● MATERIAL FOR THIS EXERCISE:
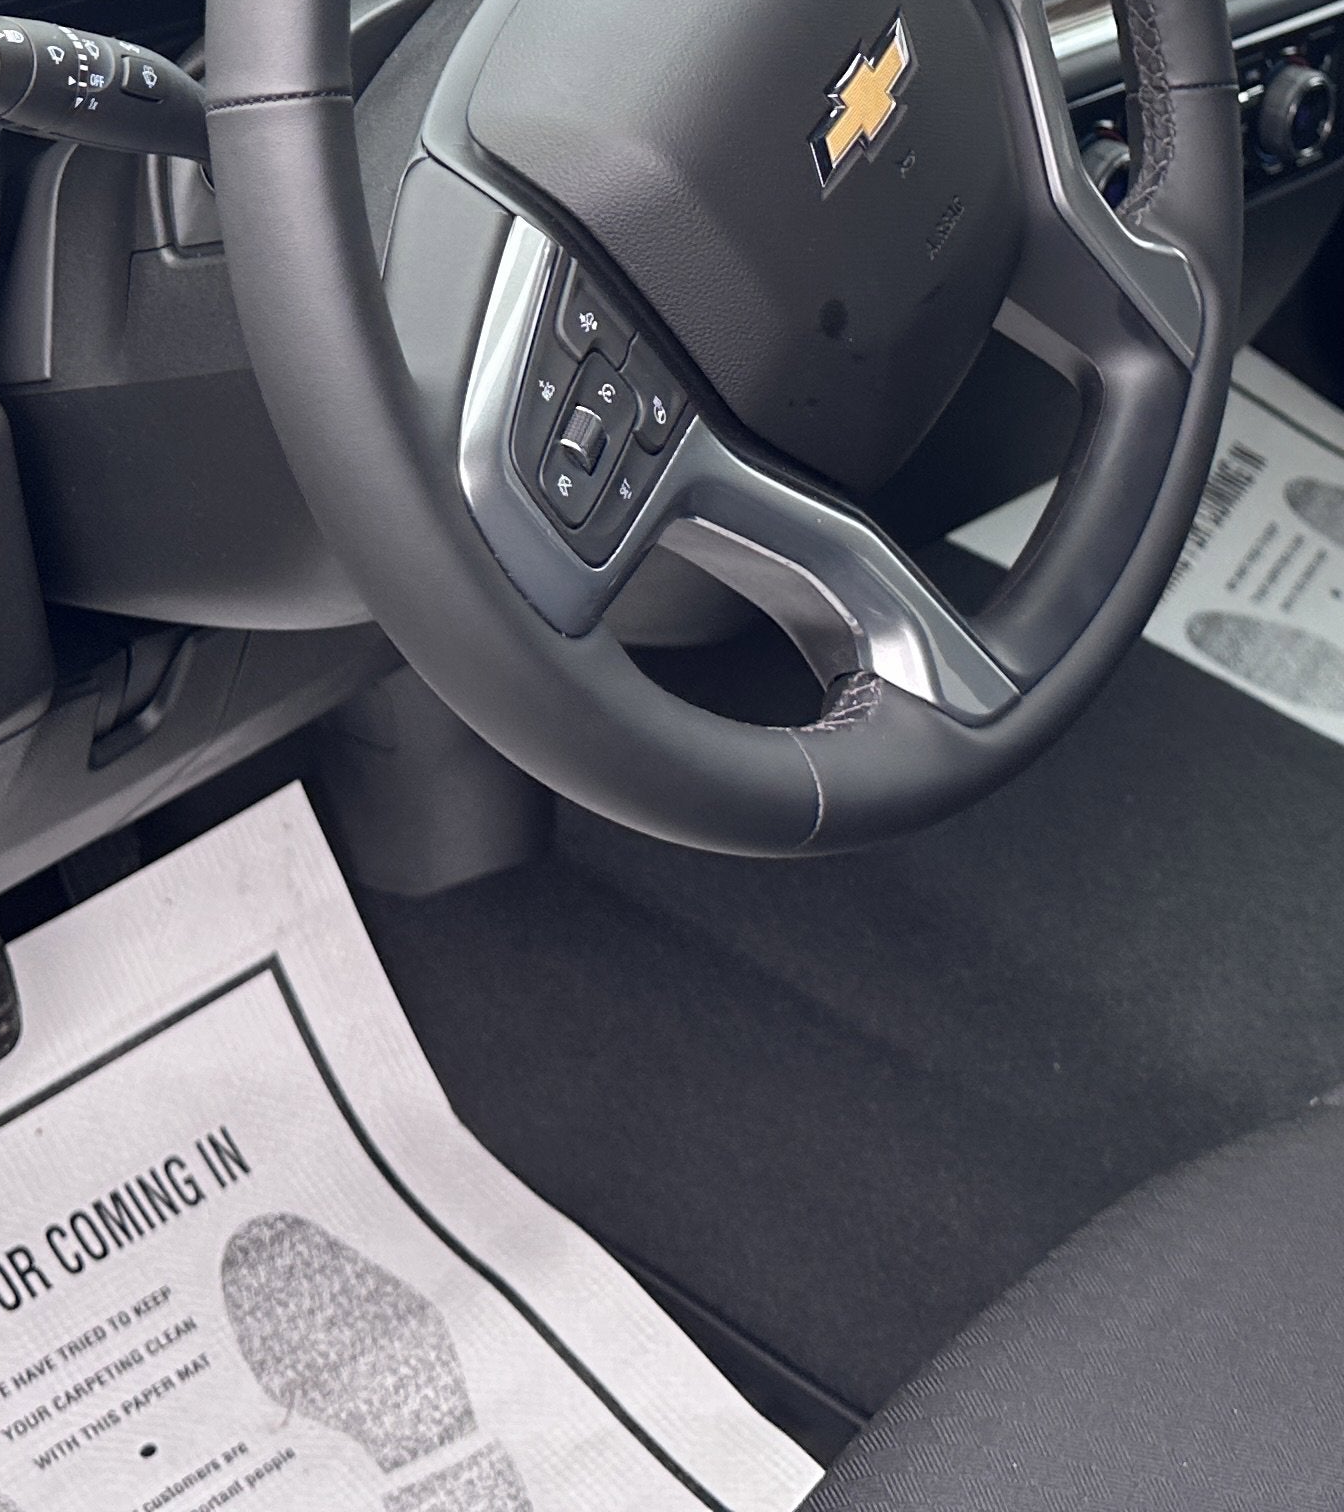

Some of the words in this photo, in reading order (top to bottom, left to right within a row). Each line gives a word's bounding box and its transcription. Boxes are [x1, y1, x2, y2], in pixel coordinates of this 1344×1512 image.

[90, 73, 105, 88] OFF
[44, 1154, 208, 1276] COMING
[195, 1125, 252, 1189] IN
[0, 1404, 53, 1442] YOUR
[52, 1348, 144, 1412] CARPETING
[143, 1315, 199, 1357] CLEAN
[11, 1354, 57, 1391] HAVE
[56, 1324, 107, 1362] TRIED
[106, 1309, 132, 1333] TO
[132, 1285, 172, 1319] KEEP
[32, 1434, 81, 1471] WITH
[79, 1408, 122, 1442] THIS
[120, 1375, 177, 1417] PAPER
[175, 1351, 212, 1383] MAT
[142, 1458, 222, 1512] customers
[221, 1440, 249, 1464] are
[244, 1446, 296, 1489] people
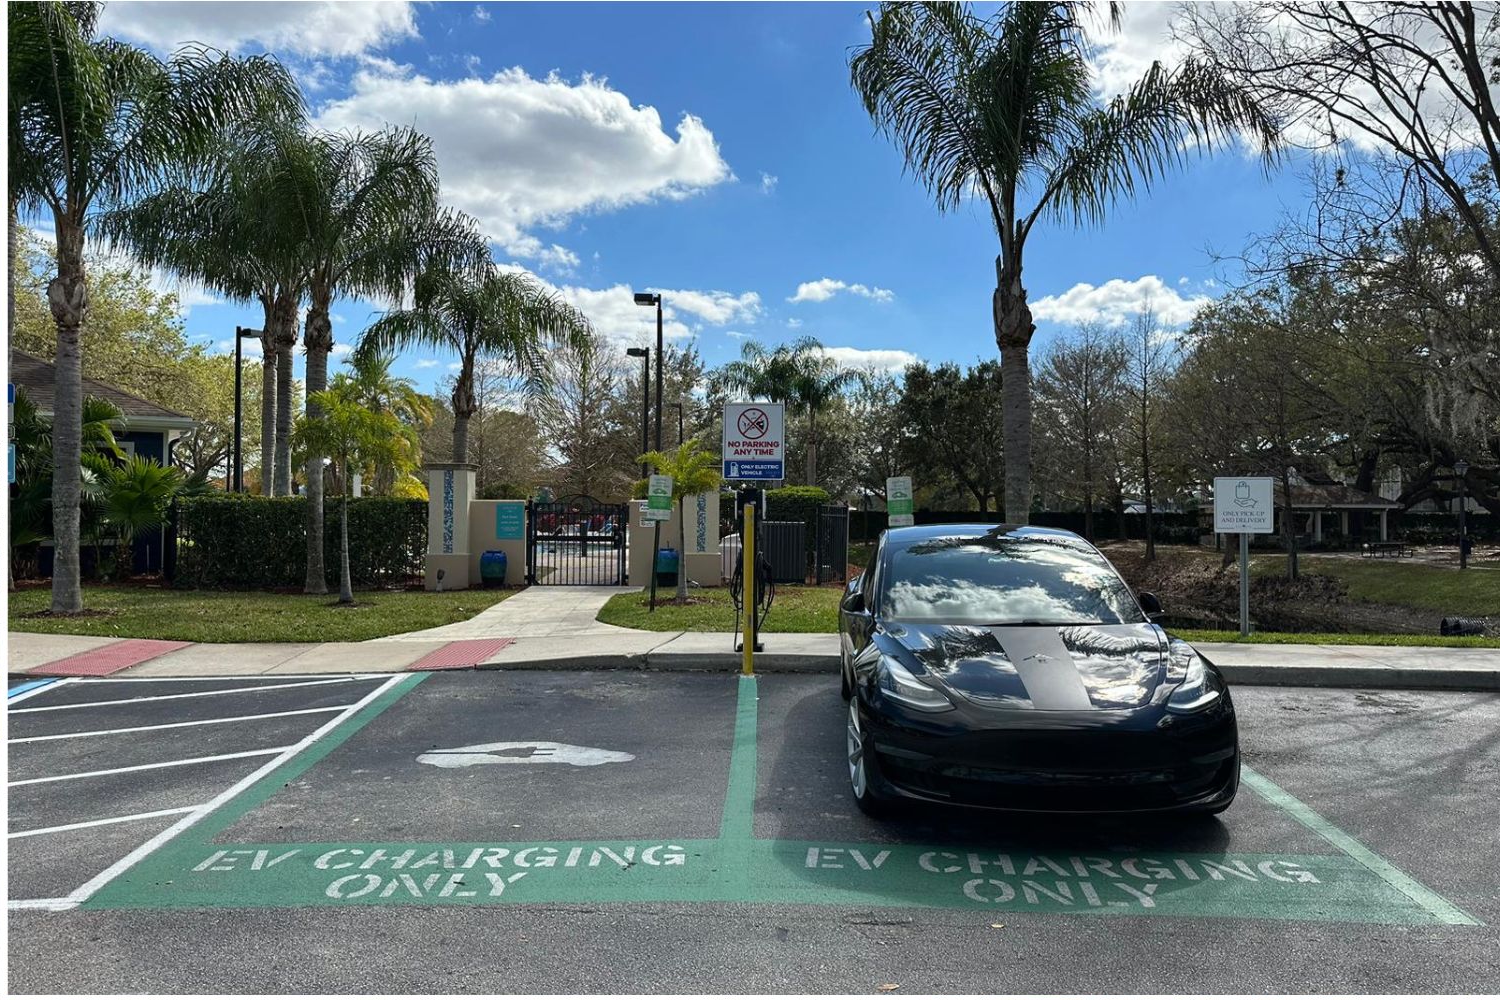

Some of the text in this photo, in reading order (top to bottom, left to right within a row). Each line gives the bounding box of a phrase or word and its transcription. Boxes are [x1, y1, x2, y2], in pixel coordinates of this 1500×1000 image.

[191, 845, 688, 872] EV CHARGING
[804, 846, 1322, 884] EV CHARGING
[325, 871, 529, 899] ONLY
[963, 877, 1161, 908] ONLY
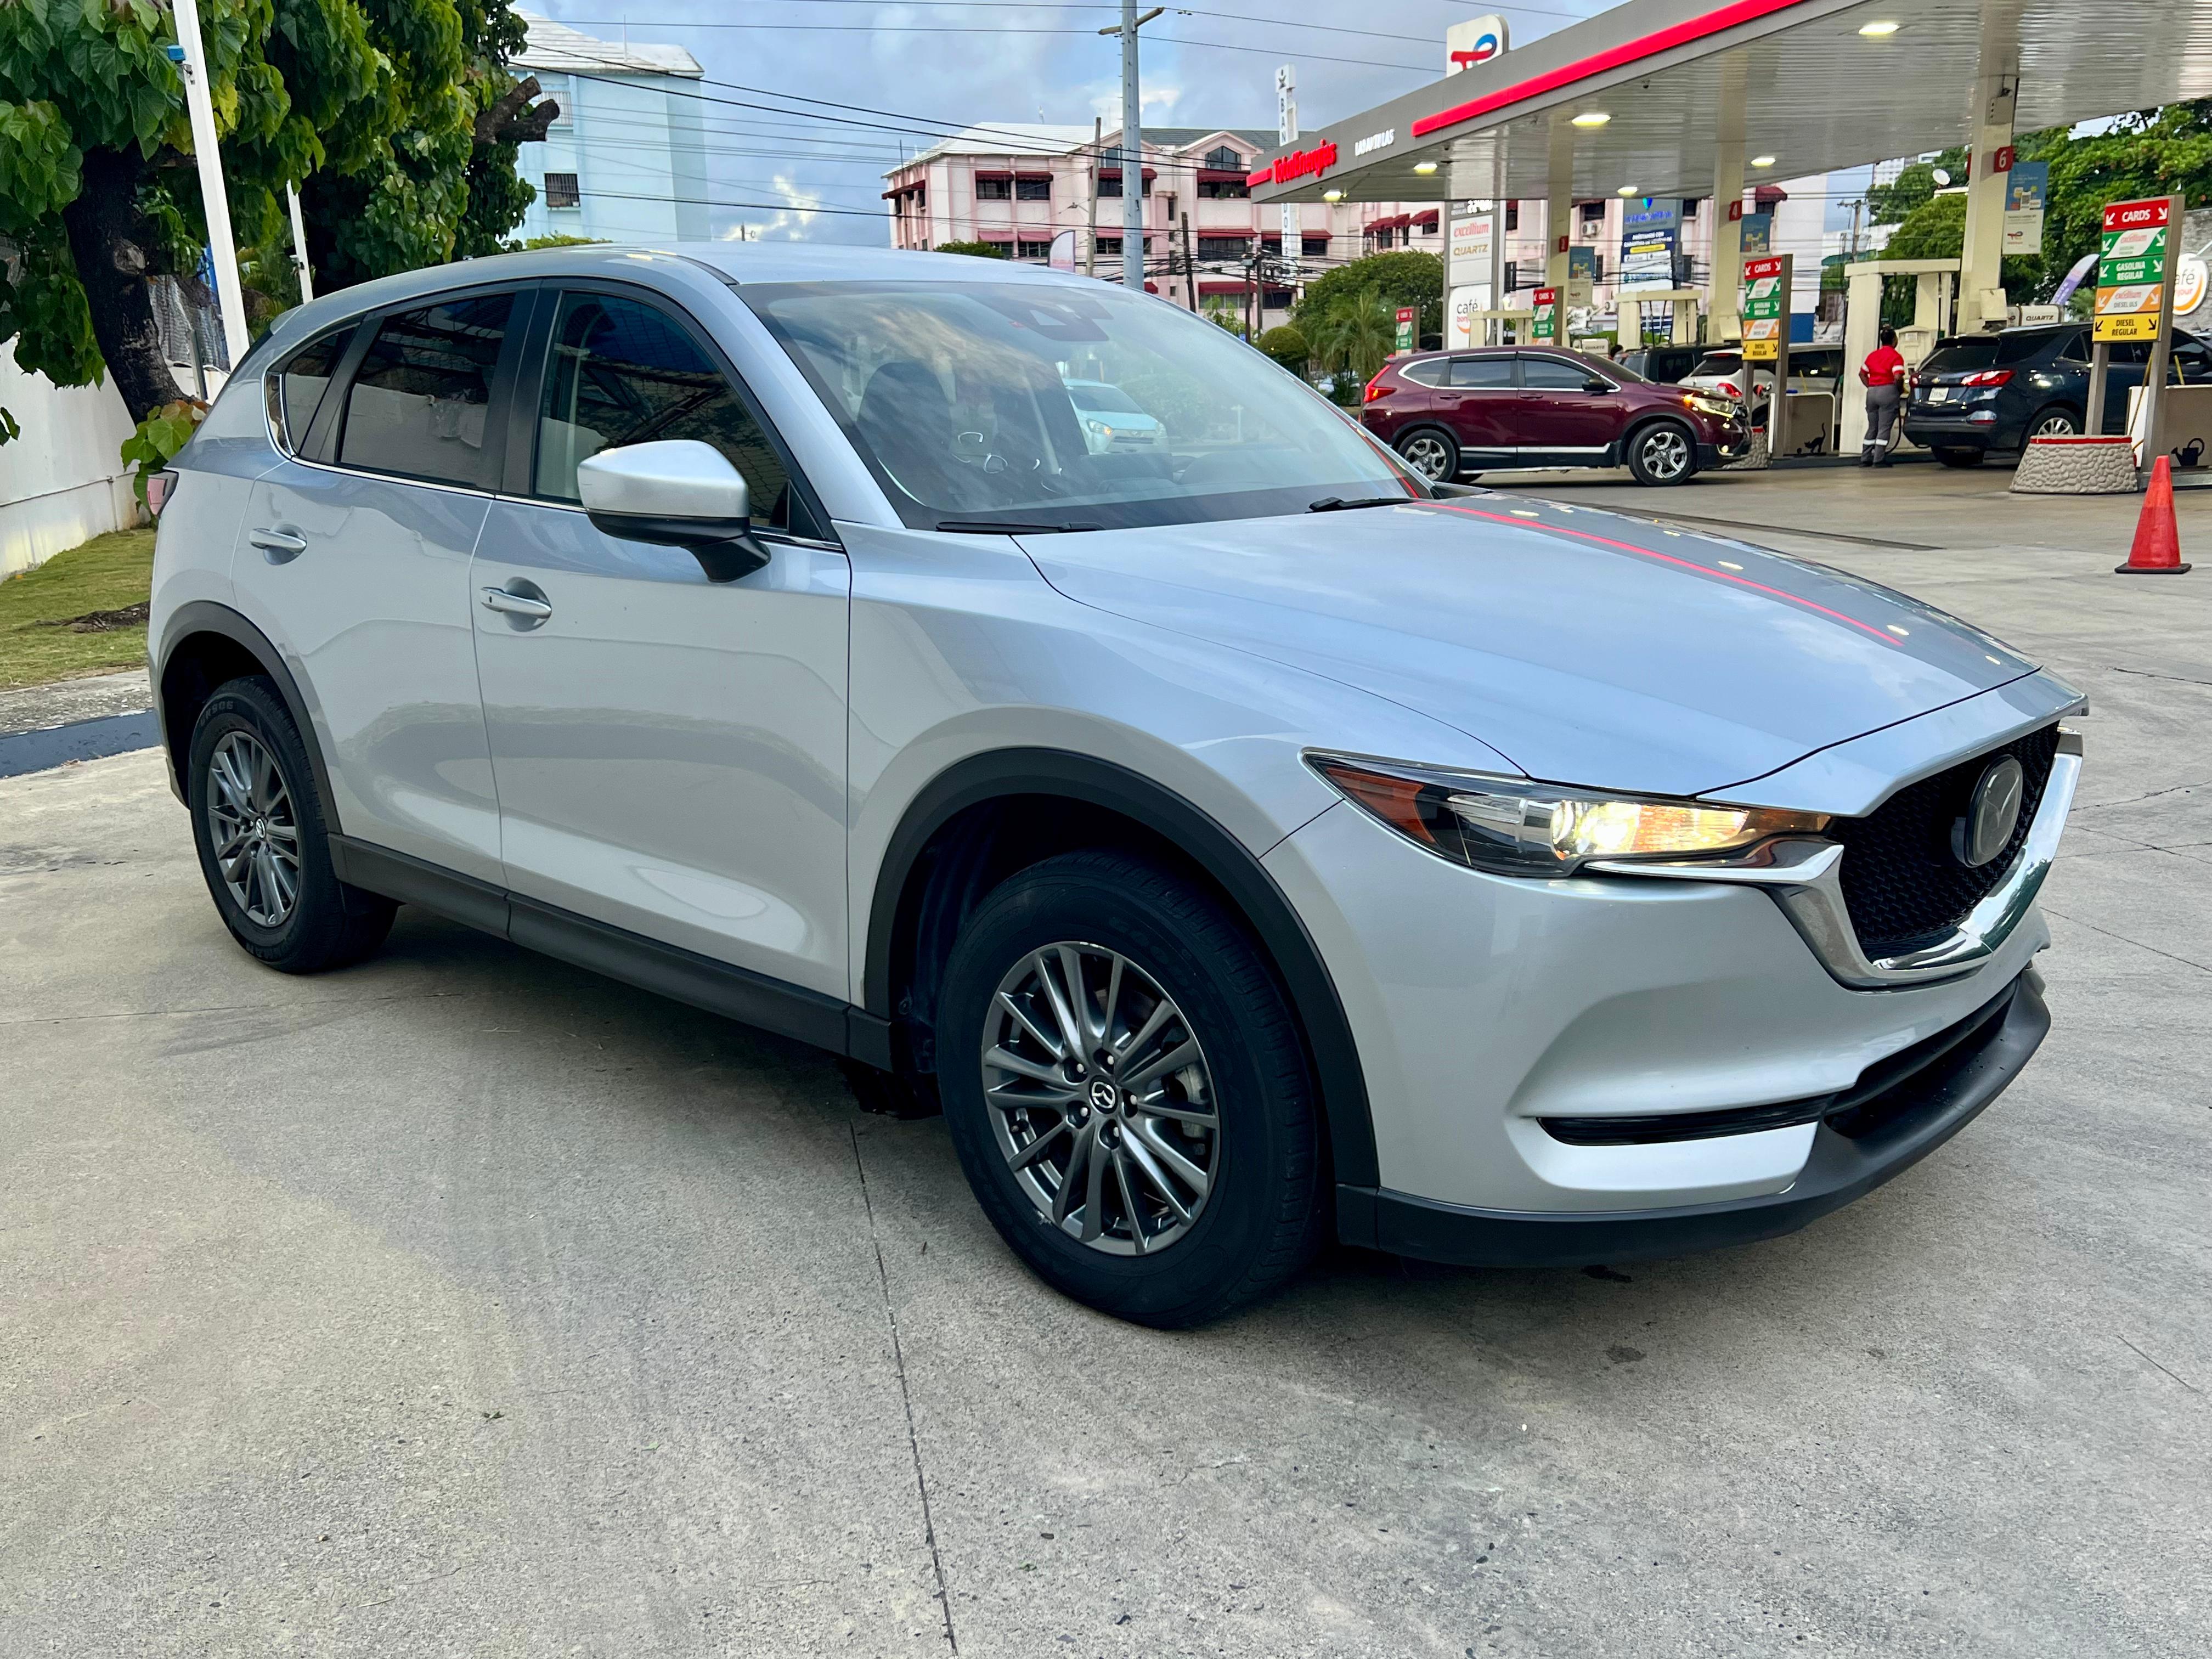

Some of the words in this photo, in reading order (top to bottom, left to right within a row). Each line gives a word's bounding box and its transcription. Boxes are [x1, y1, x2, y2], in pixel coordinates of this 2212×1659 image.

● TRY IT: The entries above are to be restated verbatim, with no pictures carried over.

● ANSWER TO THE EXERCISE:
Some of the words in this photo, in reading order (top to bottom, left to right within a row). Each line gives a word's bounding box and its transcription. Boxes are [x1, y1, x2, y2], in pixel coordinates of this 1344×1512 image.

[90, 73, 105, 88] OFF
[44, 1154, 208, 1276] COMING
[195, 1125, 252, 1189] IN
[0, 1404, 53, 1442] YOUR
[52, 1348, 144, 1412] CARPETING
[143, 1315, 199, 1357] CLEAN
[11, 1354, 57, 1391] HAVE
[56, 1324, 107, 1362] TRIED
[106, 1309, 132, 1333] TO
[132, 1285, 172, 1319] KEEP
[32, 1434, 81, 1471] WITH
[79, 1408, 122, 1442] THIS
[120, 1375, 177, 1417] PAPER
[175, 1351, 212, 1383] MAT
[142, 1458, 222, 1512] customers
[221, 1440, 249, 1464] are
[244, 1446, 296, 1489] people

Some of the text in this photo, in reading order (top to bottom, left to right within a row). Each line gives the bounding box of a phrase or word and its transcription. Boxes are [x1, y1, x2, y2], in pixel coordinates of this 1500×1000 image.

[191, 845, 688, 872] EV CHARGING
[804, 846, 1322, 884] EV CHARGING
[325, 871, 529, 899] ONLY
[963, 877, 1161, 908] ONLY

Some of the words in this photo, in reading order (top to bottom, left to right within a row). Each line gives a word's bounding box and its transcription. Boxes are [x1, y1, x2, y2], in pixel coordinates of this 2212×1659 image.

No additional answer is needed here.